Тропой памяти - Людмила Евгеньевна Пельгасова
Шрифт:
Интервал:
Закладка:
Глава 15
Хар-ману Корух в полнолуние чувствовала себя неважно, как, впрочем, и всегда. Свет серебряного диска тревожил ее, мешал уснуть — по каким-то необъяснимым причинам мать рода и спала не как все — ночью. Очень может статься, из-за того, что яркие лучи дневного светила раздражали пожилую женщину еще больше. Проворочавшись без толку четверть часа, хар-ману поняла, что ничего хорошего из этого не выйдет и кликнула двух своих младших дочерей: Удрун и Танух, дабы те помогли ей одеться. Молодые женщины набросили на костлявые плечи матери рода меховую куртку, обули крепкие сухие ноги в мягкие сапожки из расписной оленьей кожи, подали золотое ожерелье. Конечно же, хар-ману Корух была не настолько уж и стара, просто ей льстили почтительные поклоны дочерей. К тому, что при встрече с нею мужчины опускают глаза в землю, глава клана Хуркулхубухар привыкла в незапамятные времена и уже перестала замечать. Все верно, так и должно быть. Вот дочери — это совсем другое дело! Тонкие губы хар-ману даже изогнулись в подобии улыбки. С достоинством встав со своего низкого ложа, она приблизилась к священному очагу и подкинула в огонь кусок пемзы, пропитанной кровью камня. Пунцовые язычки немедля принялись облизывать скудную свою пищу с жадностью голодного звереныша. Помнится, Хуркул-иргит говорил, что духам предков оттого и неспокойно на Поляне, что вместо дров в очагах горит вонючая маслянистая жидкость, оттого и гневаются они на живых, но что поделать, если единственное дерево в доме — это тоненький саженец серебристого тополя в глиняном бочонке с землей! Принесенное ветром семечко почтеннейшая восемь лет назад нашла на пороге, воткнула в жирную черную землю, поливала родниковой водой. Разве можно бросить в огонь такое чудо, распускающее на третий день Сулху-ар-бана клейкие и душистые черные листочки? Да и что проку в тоненьком прутике: огонь сожрет его за удар сердца, так, что духи даже не заметят жертвы и продолжат изводить почтенную хар-ману бессонницей. Ну уж нет! На то, чтобы задабривать высшие силы, есть шаман. Раз уж ты — кхургуб-у-уллаг'ай, так вот и поговори с ними сам, помоги матери рода. С этими мыслями, высказанными вслух недовольным брюзгливым голосом, Корух прошествовала к выходу из пещеры, и, откинув двухслойный меховой полог, вышла на улицу. Оставшись одни, Удрун и Танух переглянулись и тоскливо вздохнули. Для них уже давно не было секретом, кому больше всего достается от дурного настроения хар-ману.

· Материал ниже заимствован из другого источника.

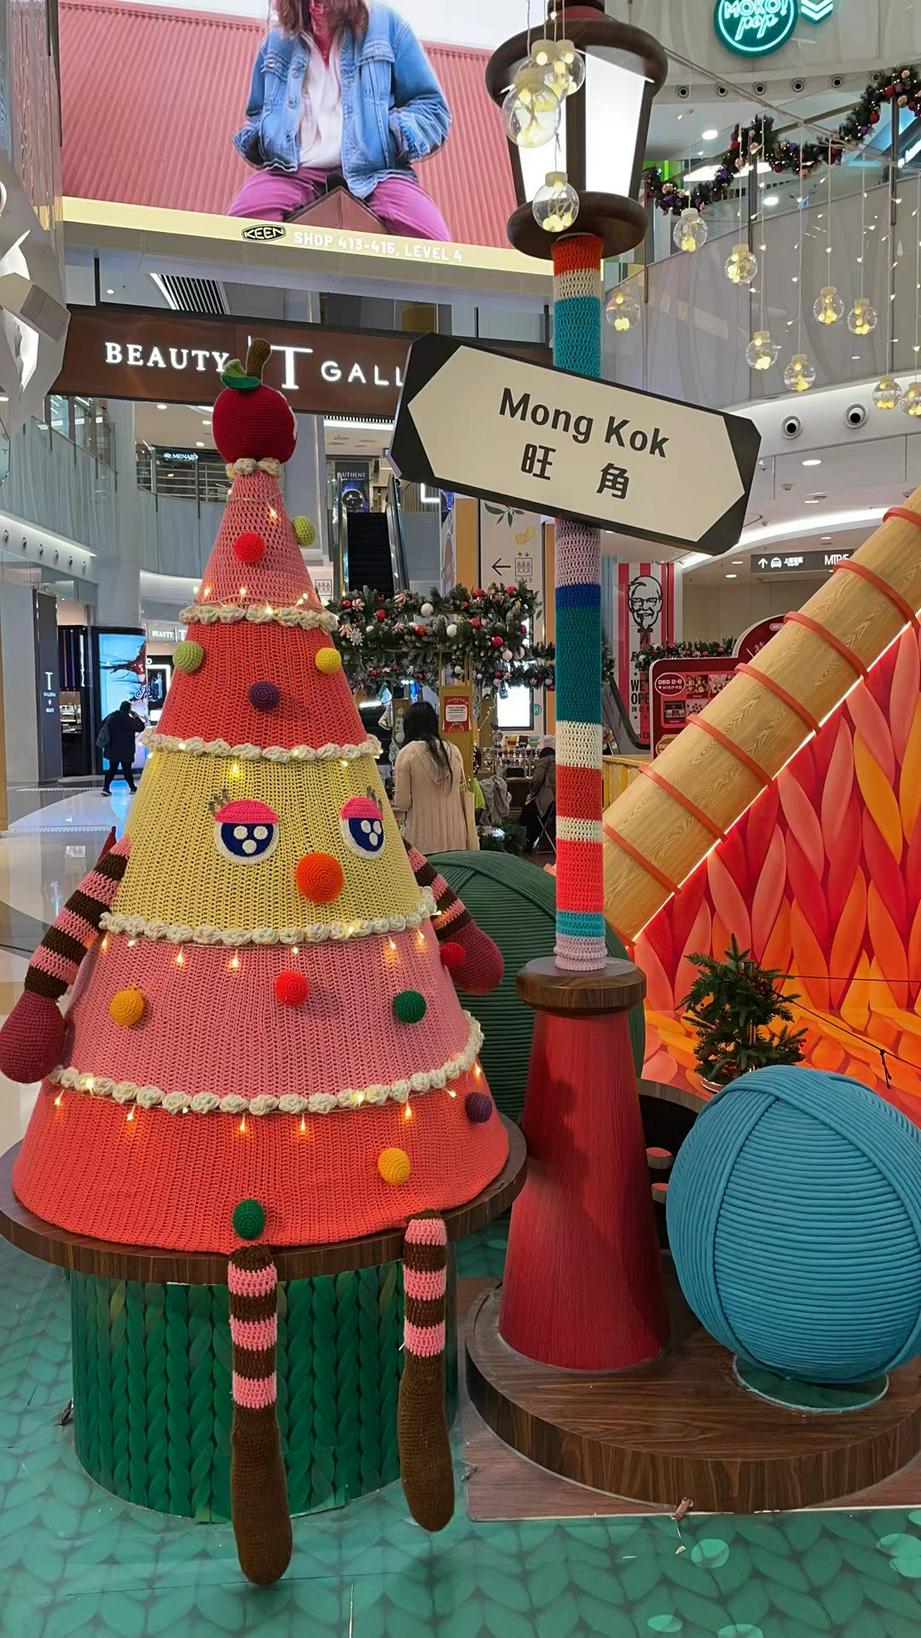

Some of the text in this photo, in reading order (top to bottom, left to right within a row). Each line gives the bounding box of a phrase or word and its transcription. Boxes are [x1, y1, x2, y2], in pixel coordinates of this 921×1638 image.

Хуркул-иргит, как и подобает говорящему-с-духами, жил в шатре, что стоял на ровной и совершенно круглой площадке, будто нарочно оставленной среди диких скал. По краю ее опоясывало кольцо больших краснокаменных клыков. Назг. Но Хуркул-иргиту этого показалось недостаточно, и гранитных клыков, составлявших круг, стало девять — н’азг. Двойная защита[47].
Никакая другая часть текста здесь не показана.